I’d been introduced to games by my older brother at a young age – I was five when we got our first computer, the Amiga 500, and we used to sit and wonder at how these worlds could be realized right in front of us. Since then, gaming has always been a big part of my life but at the time there wasn’t really an obvious way into the industry outside of becoming a Programmer, which I didn’t want to do.
Instead, I went to university to study my other passion, music. It wasn’t until I’d finished and earned my degree that I started to learn more and more about game design and ways to begin a career in it, so it may have taken a round trip to get there, but I decided when I was five and again at twenty-two!
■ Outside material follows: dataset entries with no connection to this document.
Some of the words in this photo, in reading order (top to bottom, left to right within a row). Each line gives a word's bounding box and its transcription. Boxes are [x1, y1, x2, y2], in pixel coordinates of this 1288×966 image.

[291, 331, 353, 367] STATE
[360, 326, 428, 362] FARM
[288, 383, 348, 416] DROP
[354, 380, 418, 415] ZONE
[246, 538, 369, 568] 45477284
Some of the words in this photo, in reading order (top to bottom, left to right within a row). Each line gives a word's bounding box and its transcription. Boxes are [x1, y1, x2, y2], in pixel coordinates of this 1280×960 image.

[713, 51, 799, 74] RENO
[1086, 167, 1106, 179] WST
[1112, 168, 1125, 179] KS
How did you get your start in the video game industry?
My first stint in the games industry was as a Focus Tester at Rockstar North in Edinburgh. It was a three-day job working on the first expansion pack for ‘GTAIV’, essentially just playing through the game and writing a report on what I thought of it at the end. Being amongst the development team there, seeing the work in progress, it made me realize this was what I really wanted to do. A month later I was moving to England to work in Dev Support at Codemasters and the rest has been a bit of a whirlwind since.
What has been the most exciting project that you have worked on?
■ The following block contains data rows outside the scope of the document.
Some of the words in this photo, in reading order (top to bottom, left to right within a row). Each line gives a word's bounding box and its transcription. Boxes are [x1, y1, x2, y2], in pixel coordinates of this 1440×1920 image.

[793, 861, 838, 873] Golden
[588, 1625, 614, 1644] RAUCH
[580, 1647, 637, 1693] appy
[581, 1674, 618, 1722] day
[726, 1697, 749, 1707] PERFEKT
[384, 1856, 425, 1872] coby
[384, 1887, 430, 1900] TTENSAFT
It may seem strange having worked on ‘Grand Theft Auto’, but working on our new title, ‘The Bowling Dead’, was a real experience. It was the first time anyone on the team had worked on a mobile/tablet game, it was the smallest and most collaborative team that I’ve ever worked with and it was the first time I’ve had substantial creative input on a project as a whole. We were trailblazing a lot of new concepts, technologies and workflows within the company – this was new for us all – and it was extremely exciting to be working on something created by us that was wholly ours, especially after being a part of such massive projects in the past.
We’re still learning, creating and improving the game based on all the feedback and data we’re getting from the public, which will feed back into updates to the game. That whole process is new to the team as well, as we’re all used to releasing a console game that is practically out of our hands after it hits the shelves. Now, we’re able to quickly turn around on things we want to change and get a new version of the game out to the public in a really short amount of time.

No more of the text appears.